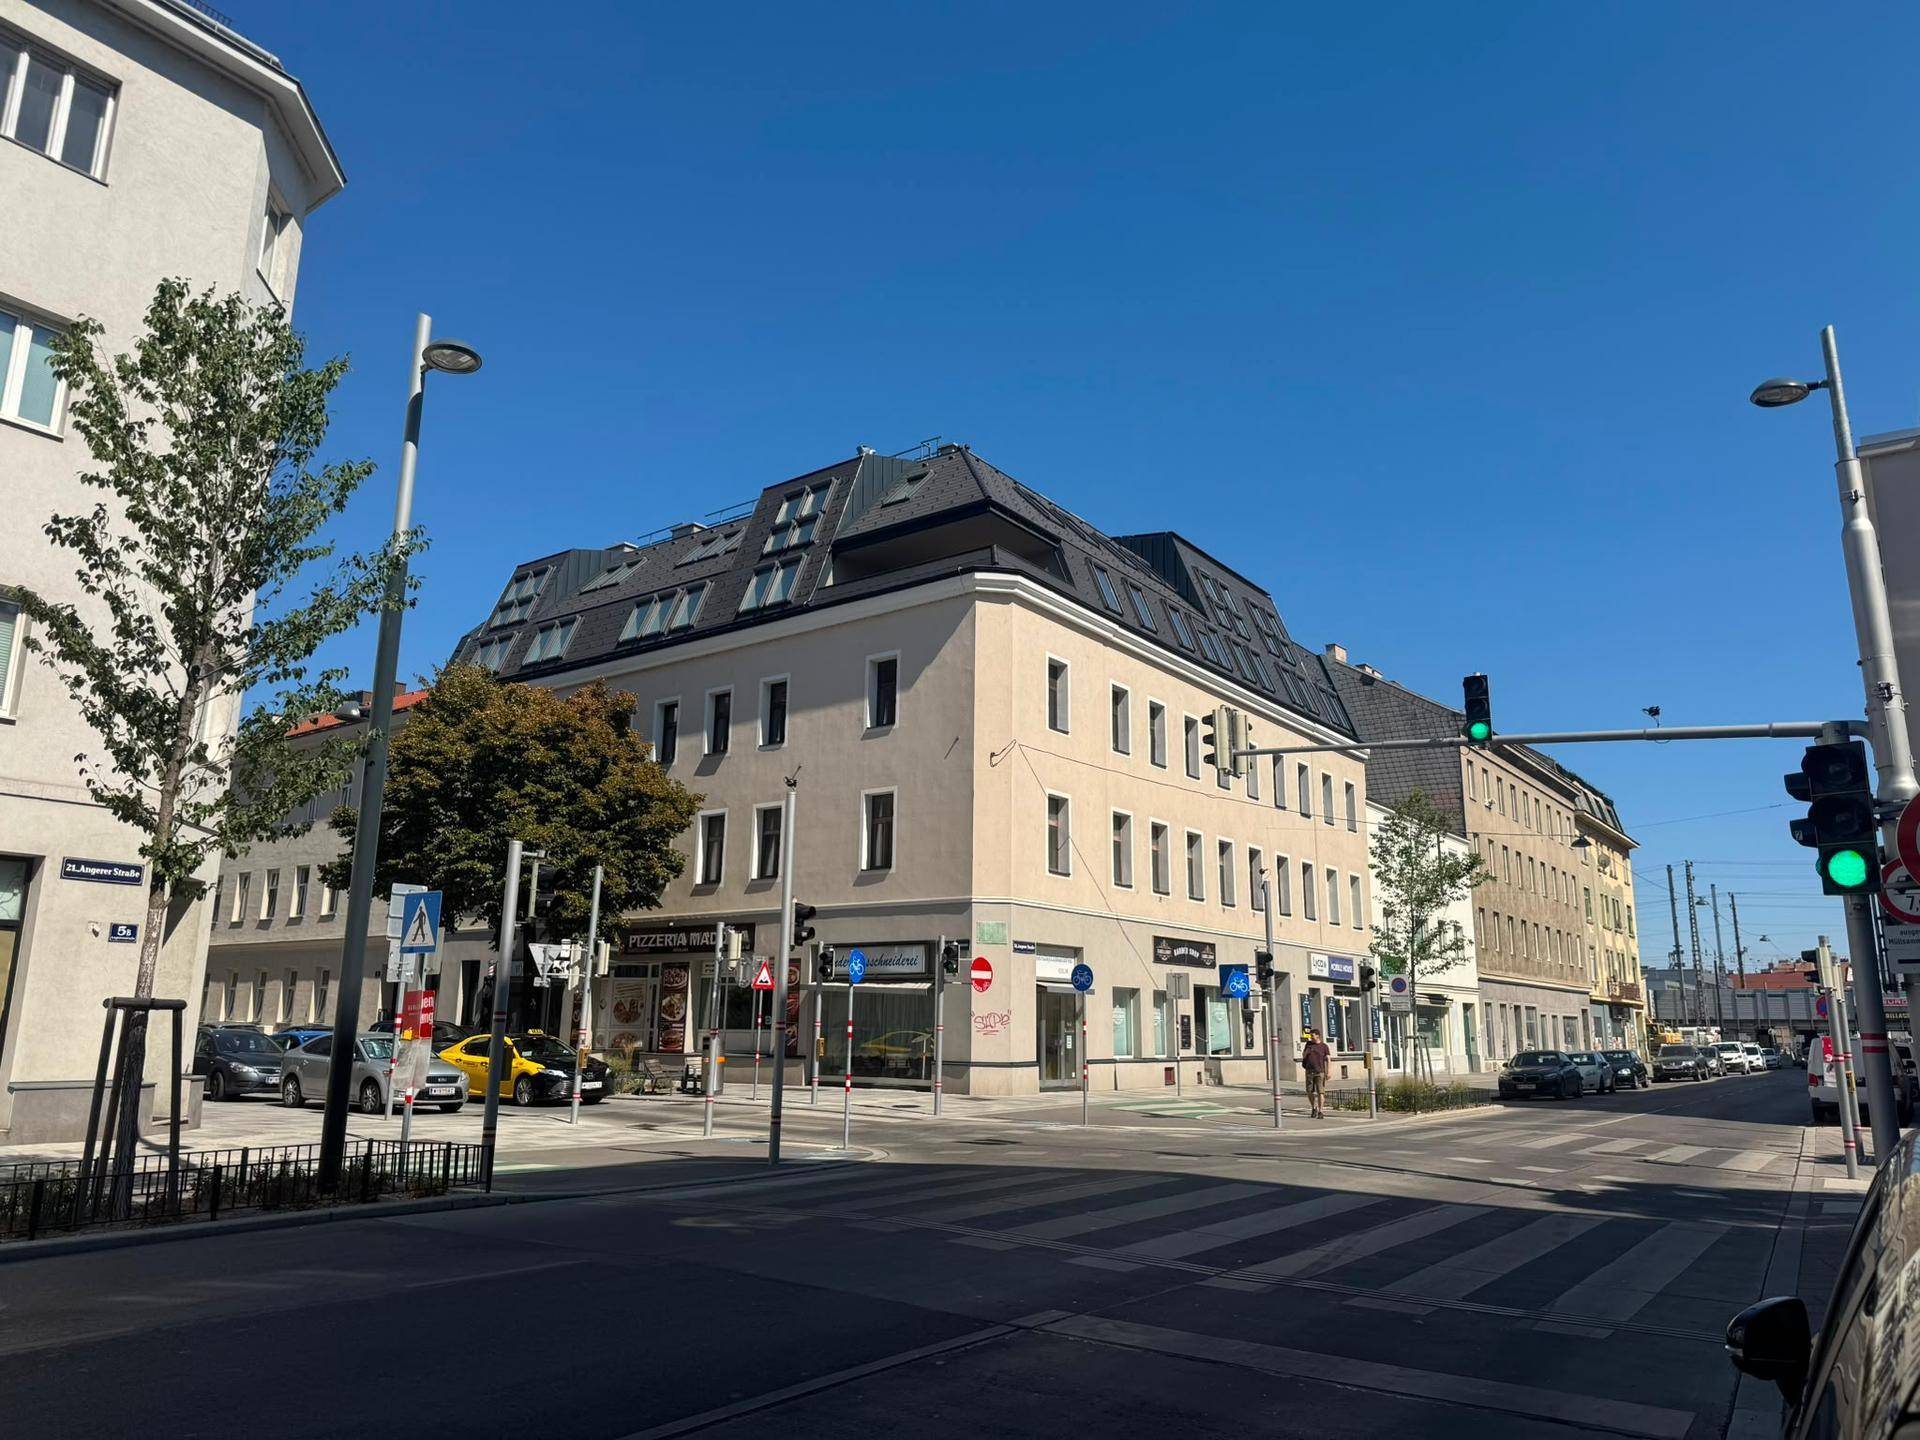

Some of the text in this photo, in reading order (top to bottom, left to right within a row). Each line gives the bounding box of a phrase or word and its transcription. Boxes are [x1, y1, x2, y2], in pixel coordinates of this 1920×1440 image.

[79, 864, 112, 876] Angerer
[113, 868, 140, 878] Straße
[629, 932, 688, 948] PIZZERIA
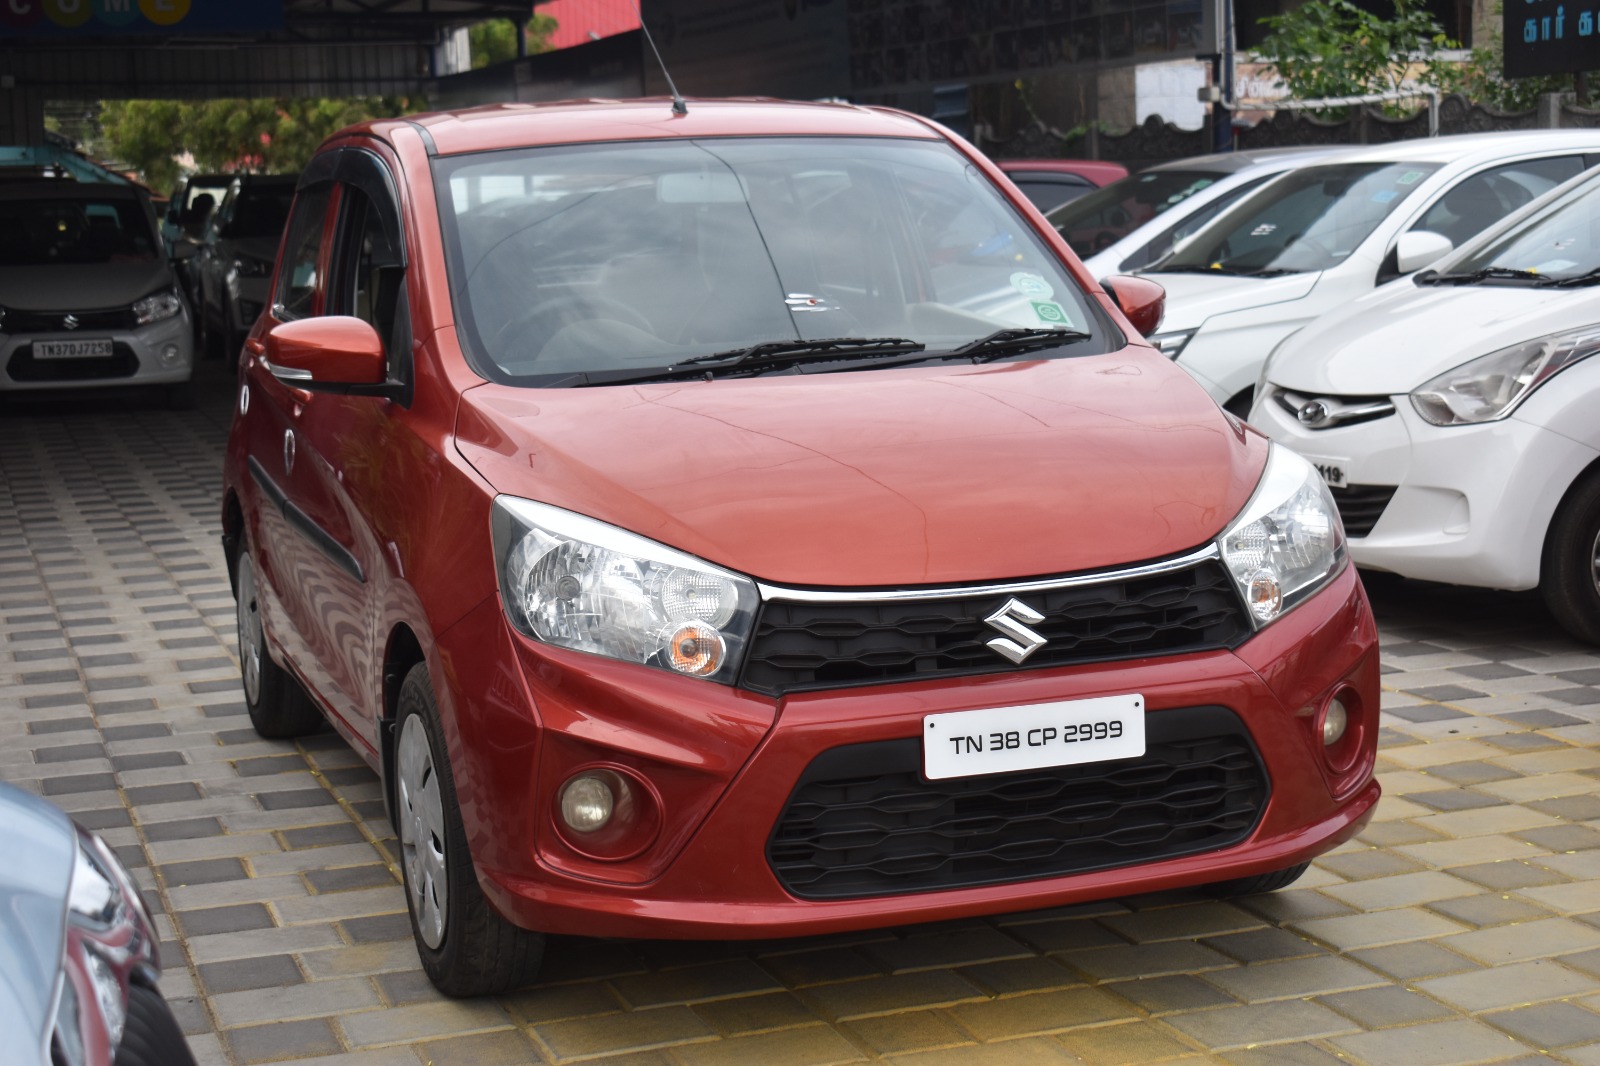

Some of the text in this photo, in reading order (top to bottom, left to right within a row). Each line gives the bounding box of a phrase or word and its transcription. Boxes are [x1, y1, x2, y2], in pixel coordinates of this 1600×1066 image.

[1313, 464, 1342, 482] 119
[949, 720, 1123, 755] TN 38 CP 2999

*REQUIRED WORK:*
Produce an exact copy of every line above, with the images left out.

*ANSWER BOX:*
Some of the text in this photo, in reading order (top to bottom, left to right within a row). Each line gives the bounding box of a phrase or word and its transcription. Boxes are [x1, y1, x2, y2], in pixel coordinates of this 1920×1440 image.

[79, 864, 112, 876] Angerer
[113, 868, 140, 878] Straße
[629, 932, 688, 948] PIZZERIA

Some of the text in this photo, in reading order (top to bottom, left to right within a row). Each line gives the bounding box of a phrase or word and its transcription. Boxes are [x1, y1, x2, y2], in pixel coordinates of this 1600×1066 image.

[1313, 464, 1342, 482] 119
[949, 720, 1123, 755] TN 38 CP 2999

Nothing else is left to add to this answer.